◆ **What you need to do**: Each line from the one that contains "Some of the words" to the end of the material must be quoted exactly; include both end lines and nothing else.

◆ **Material provided**:
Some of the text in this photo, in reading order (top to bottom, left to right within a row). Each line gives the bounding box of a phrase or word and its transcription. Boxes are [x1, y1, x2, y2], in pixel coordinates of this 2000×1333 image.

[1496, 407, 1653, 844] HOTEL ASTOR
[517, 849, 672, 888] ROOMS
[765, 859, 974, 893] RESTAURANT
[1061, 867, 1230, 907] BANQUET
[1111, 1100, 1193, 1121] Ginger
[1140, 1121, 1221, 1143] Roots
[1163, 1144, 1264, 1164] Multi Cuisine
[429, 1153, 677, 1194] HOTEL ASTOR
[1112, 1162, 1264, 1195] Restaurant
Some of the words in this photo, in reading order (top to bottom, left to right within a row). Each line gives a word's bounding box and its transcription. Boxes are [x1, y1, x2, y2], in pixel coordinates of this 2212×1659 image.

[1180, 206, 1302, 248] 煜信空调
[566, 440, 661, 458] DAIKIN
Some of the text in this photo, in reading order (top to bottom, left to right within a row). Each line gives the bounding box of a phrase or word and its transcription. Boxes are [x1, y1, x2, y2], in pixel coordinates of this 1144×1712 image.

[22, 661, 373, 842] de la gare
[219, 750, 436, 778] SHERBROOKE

◆ **Problem solution**:
Some of the words in this photo, in reading order (top to bottom, left to right within a row). Each line gives a word's bounding box and its transcription. Boxes are [x1, y1, x2, y2], in pixel coordinates of this 2212×1659 image.

[1180, 206, 1302, 248] 煜信空调
[566, 440, 661, 458] DAIKIN
Some of the text in this photo, in reading order (top to bottom, left to right within a row). Each line gives the bounding box of a phrase or word and its transcription. Boxes are [x1, y1, x2, y2], in pixel coordinates of this 1144×1712 image.

[22, 661, 373, 842] de la gare
[219, 750, 436, 778] SHERBROOKE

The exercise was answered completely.